* TASK INSTRUCTIONS
Write out the data below exactly as given, without any of its pictures.

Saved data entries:
▬▬▬▬▬▬

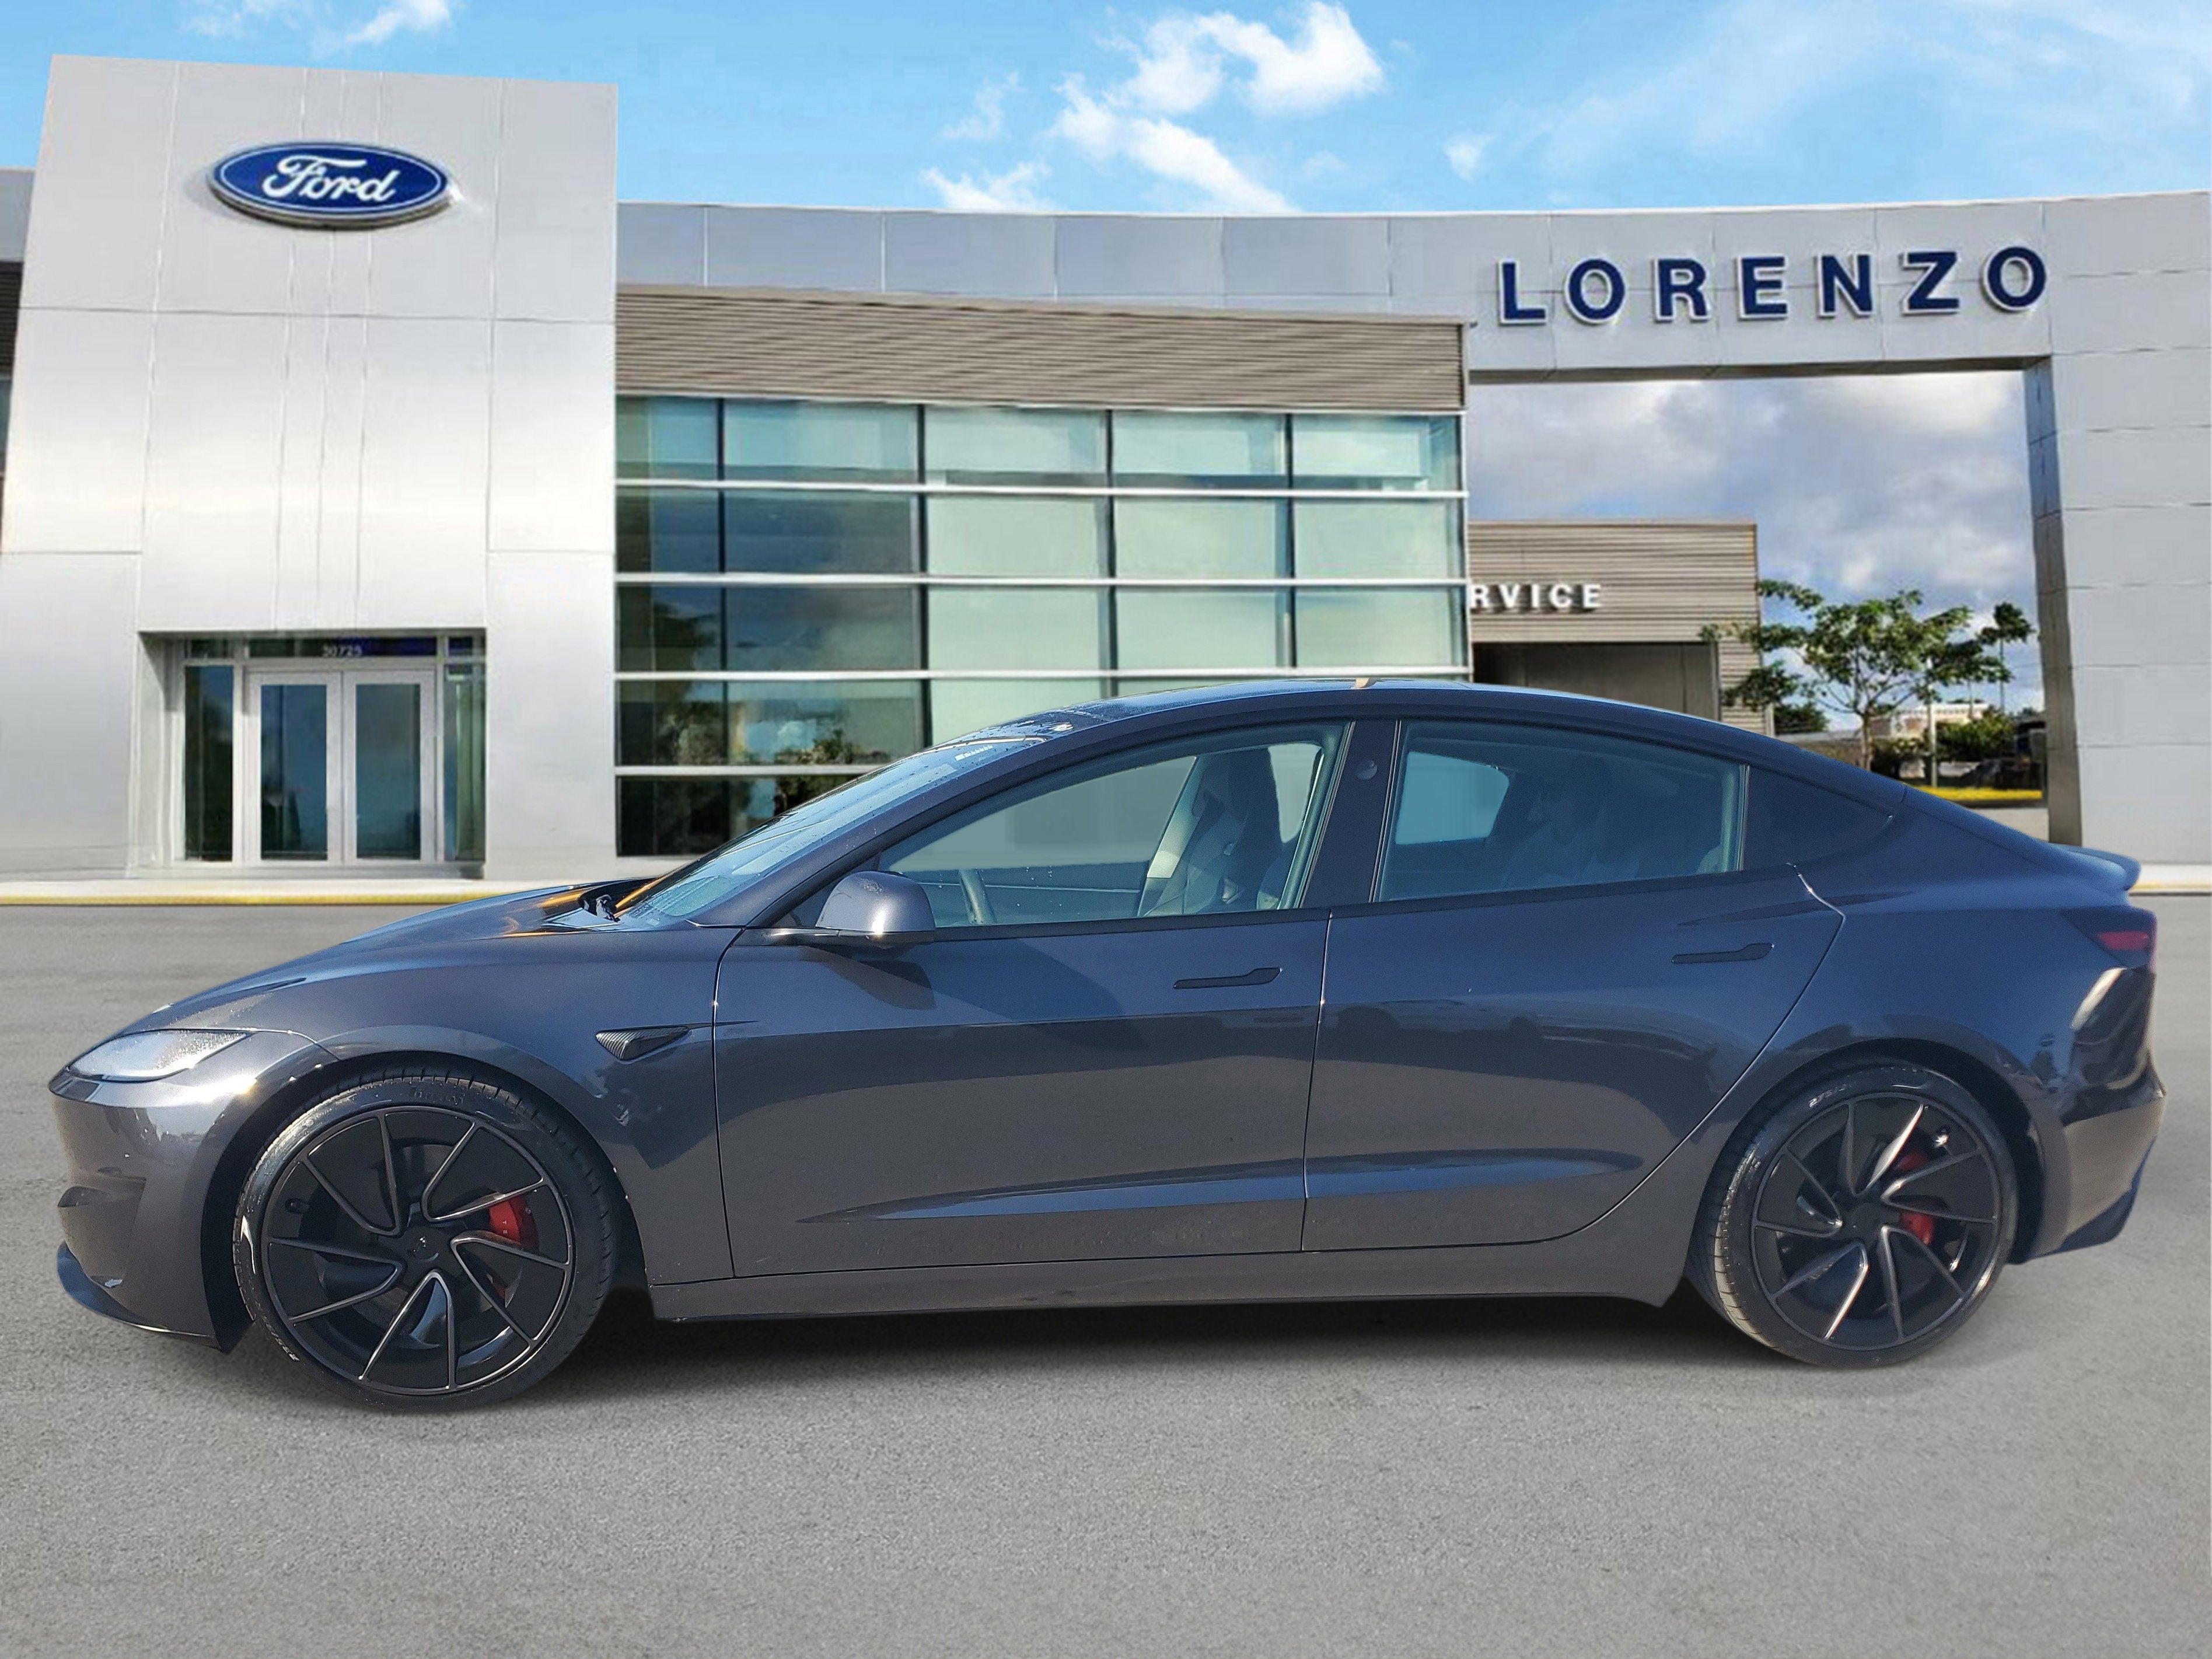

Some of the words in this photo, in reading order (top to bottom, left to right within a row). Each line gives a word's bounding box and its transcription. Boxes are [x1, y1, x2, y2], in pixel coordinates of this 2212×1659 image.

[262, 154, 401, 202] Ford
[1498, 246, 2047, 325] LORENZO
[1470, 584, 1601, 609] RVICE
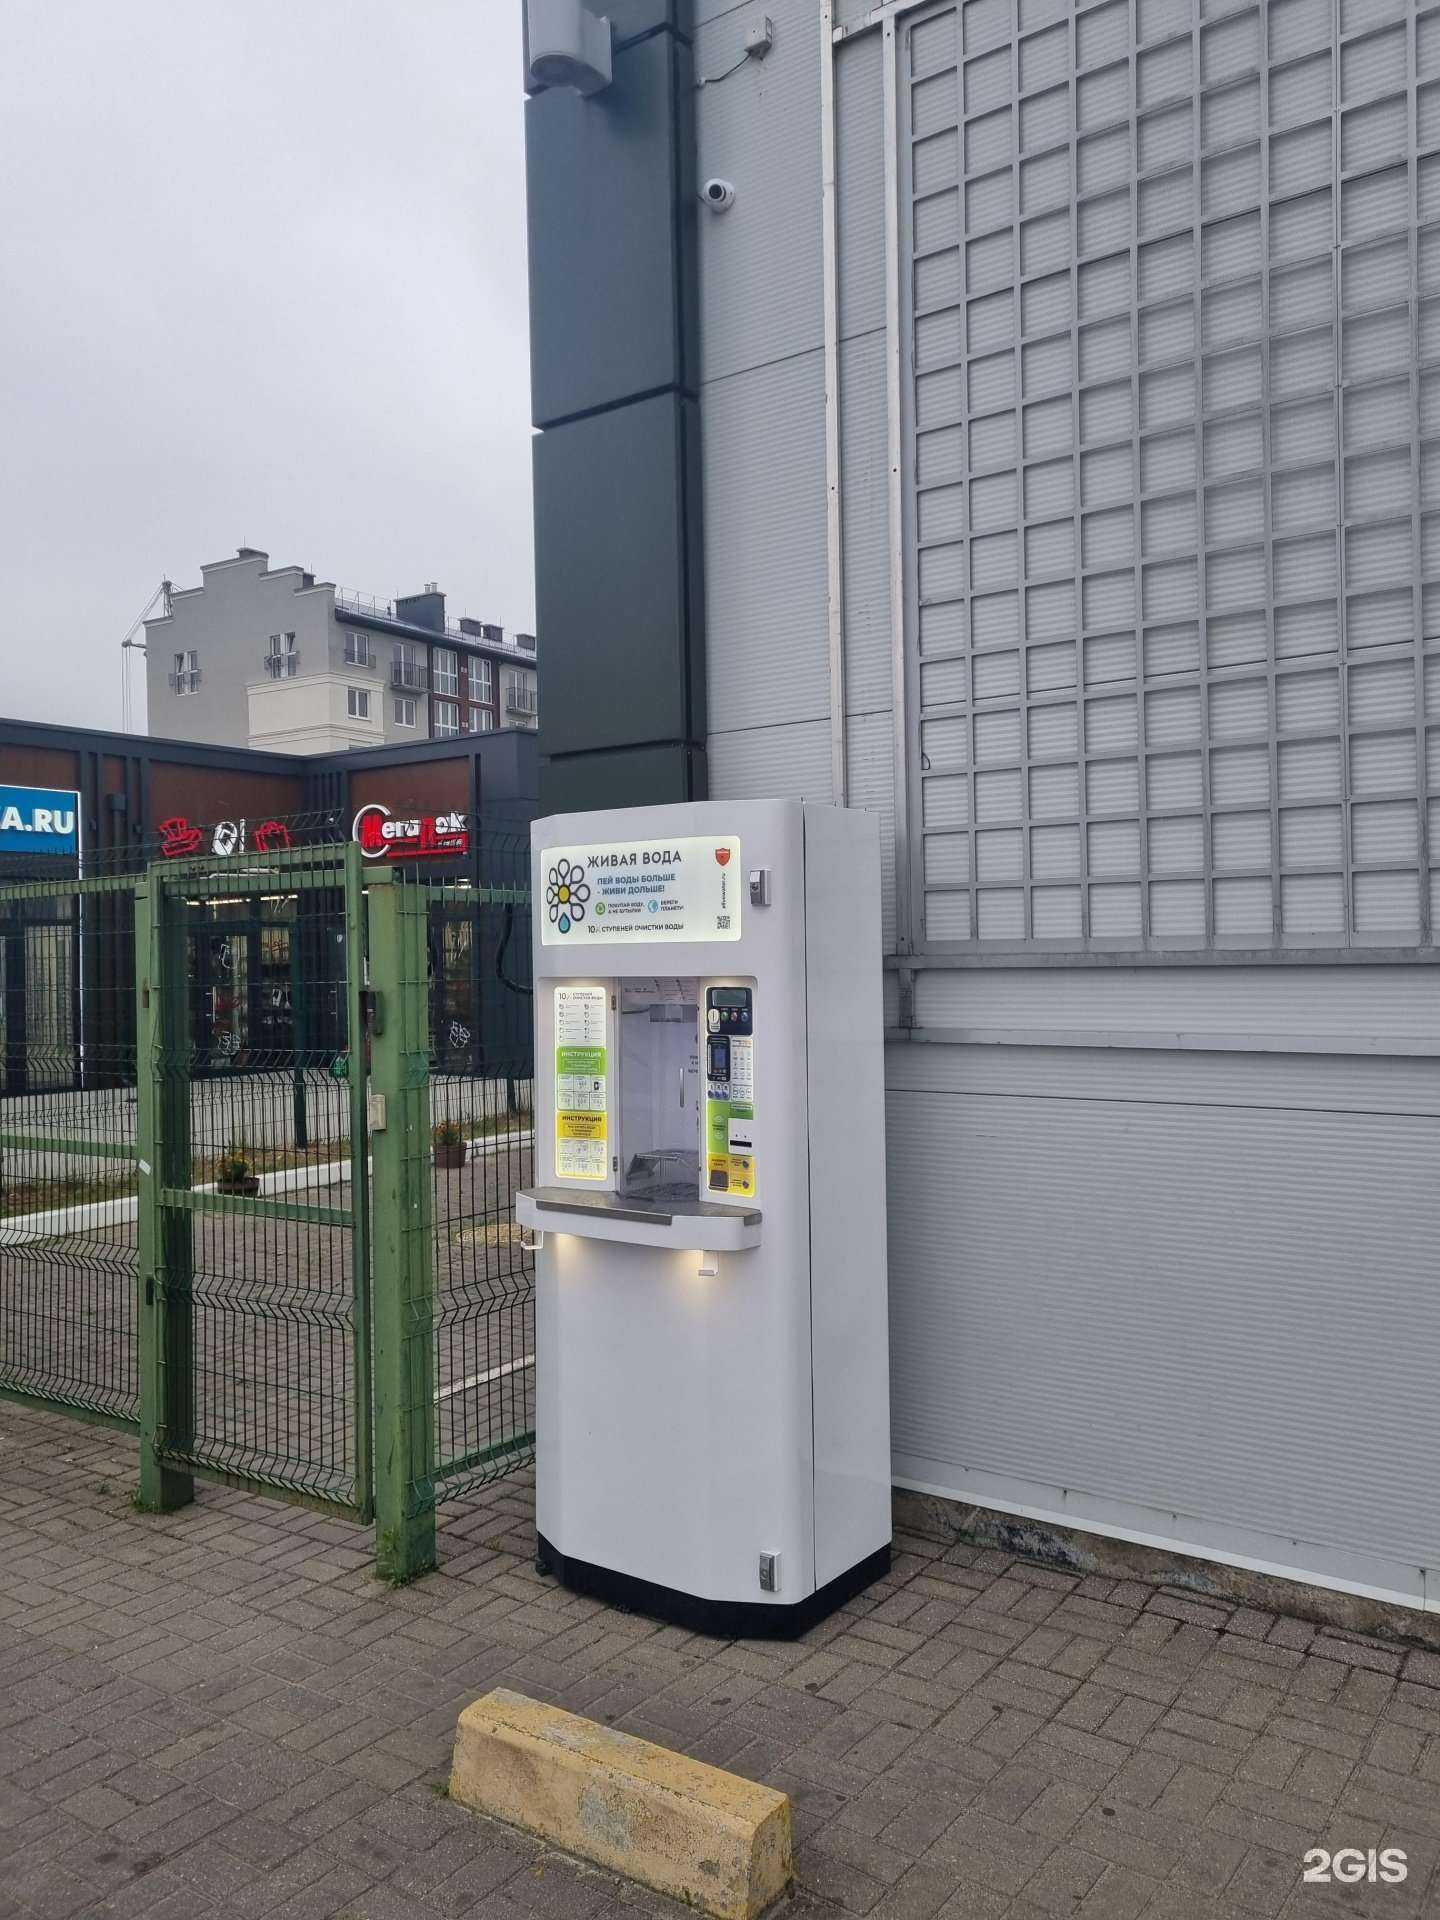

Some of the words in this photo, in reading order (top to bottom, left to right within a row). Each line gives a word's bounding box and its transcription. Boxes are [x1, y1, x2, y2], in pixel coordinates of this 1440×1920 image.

▬▬▬▬▬▬

* ANSWER SPACE
Some of the words in this photo, in reading order (top to bottom, left to right within a row). Each line gives a word's bounding box and its transcription. Boxes are [x1, y1, x2, y2], in pixel coordinates of this 2212×1659 image.

[262, 154, 401, 202] Ford
[1498, 246, 2047, 325] LORENZO
[1470, 584, 1601, 609] RVICE

Some of the words in this photo, in reading order (top to bottom, left to right within a row). Each line gives a word's bounding box and its transcription. Boxes are [x1, y1, x2, y2], in pixel coordinates of this 1440×1920 image.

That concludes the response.